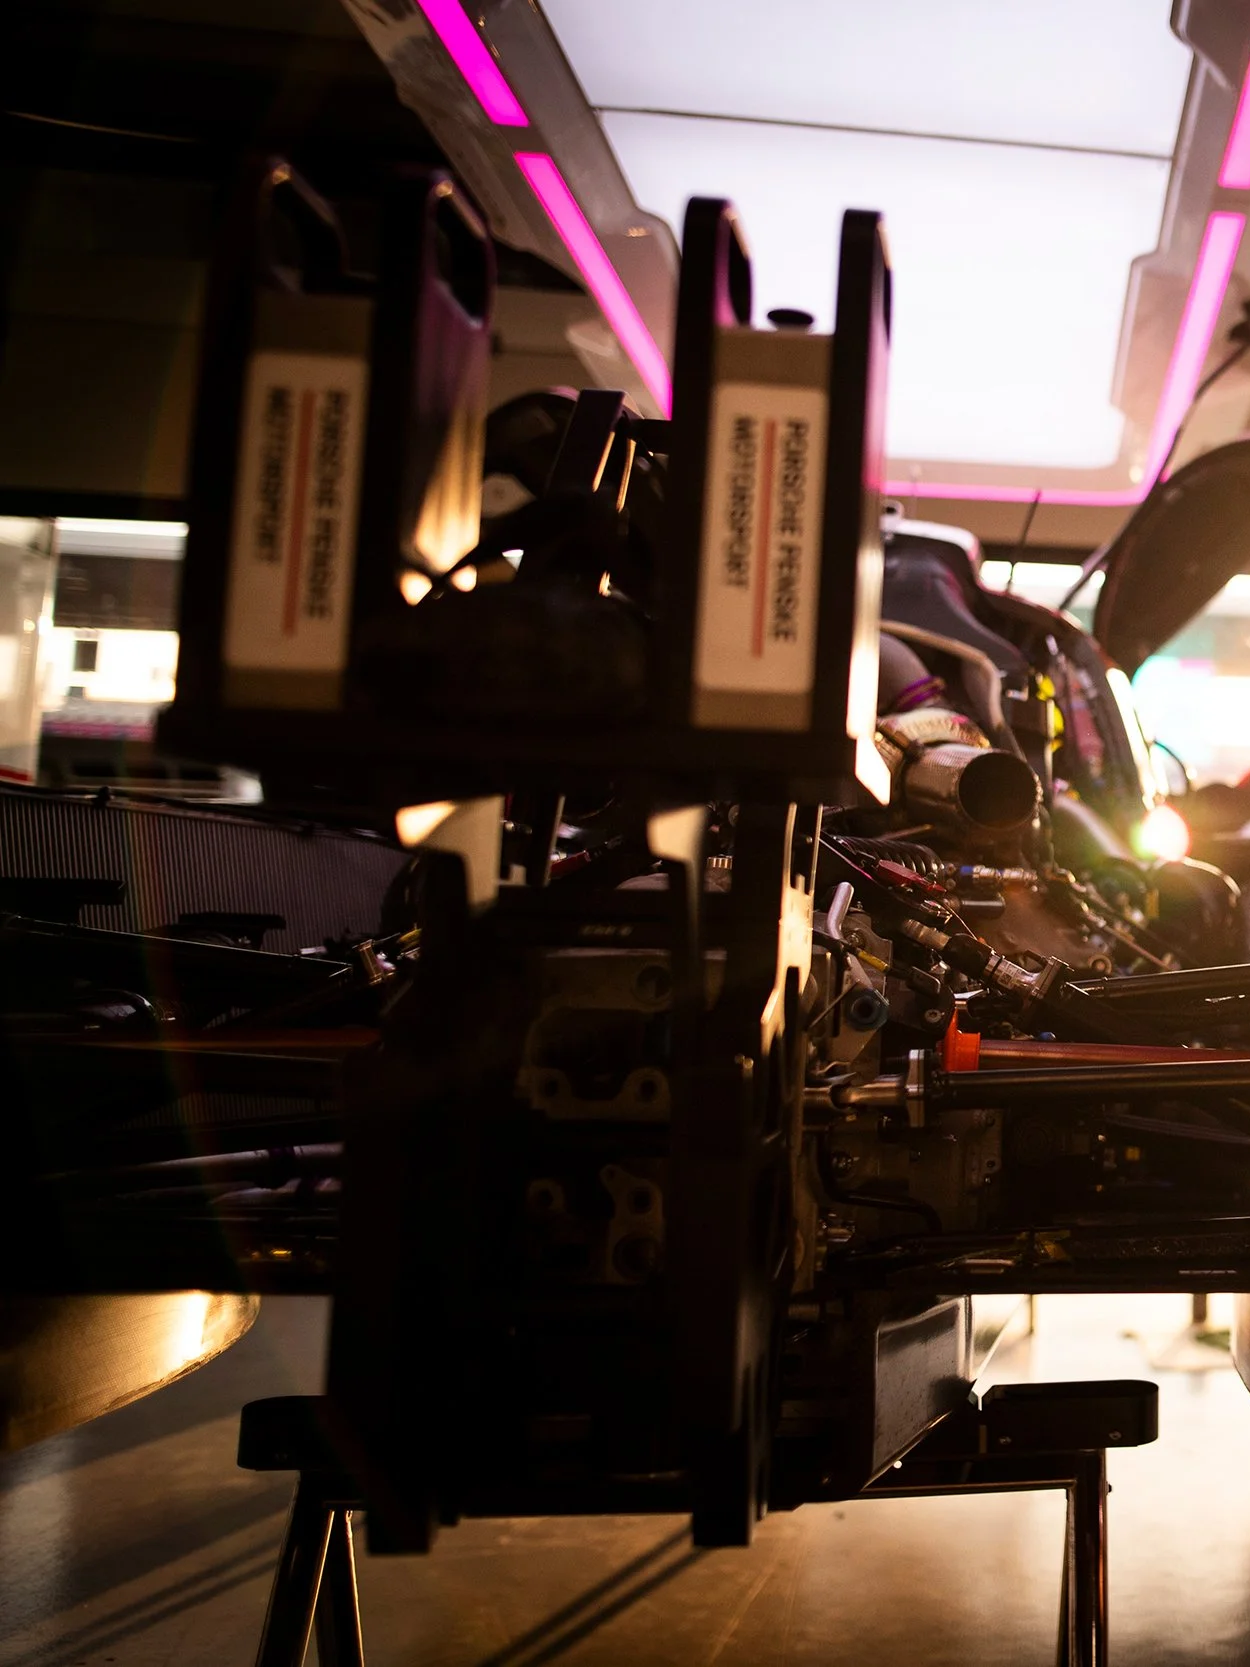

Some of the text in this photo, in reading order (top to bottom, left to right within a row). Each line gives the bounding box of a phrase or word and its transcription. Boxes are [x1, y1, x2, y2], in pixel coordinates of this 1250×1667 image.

[256, 385, 291, 564] MOTORSPORT
[317, 390, 347, 508] PORSCHE
[726, 415, 755, 588] MOTORSPORT
[771, 419, 809, 643] PORSCHE PENSKE

******************************

Return all the material exactly, pictures excluded.

Some of the text in this photo, in reading order (top to bottom, left to right within a row). Each line gives the bounding box of a phrase or word and its transcription. Boxes are [x1, y1, x2, y2], in pixel coordinates of this 1250×1667 image.

[256, 385, 291, 564] MOTORSPORT
[317, 390, 347, 508] PORSCHE
[726, 415, 755, 588] MOTORSPORT
[771, 419, 809, 643] PORSCHE PENSKE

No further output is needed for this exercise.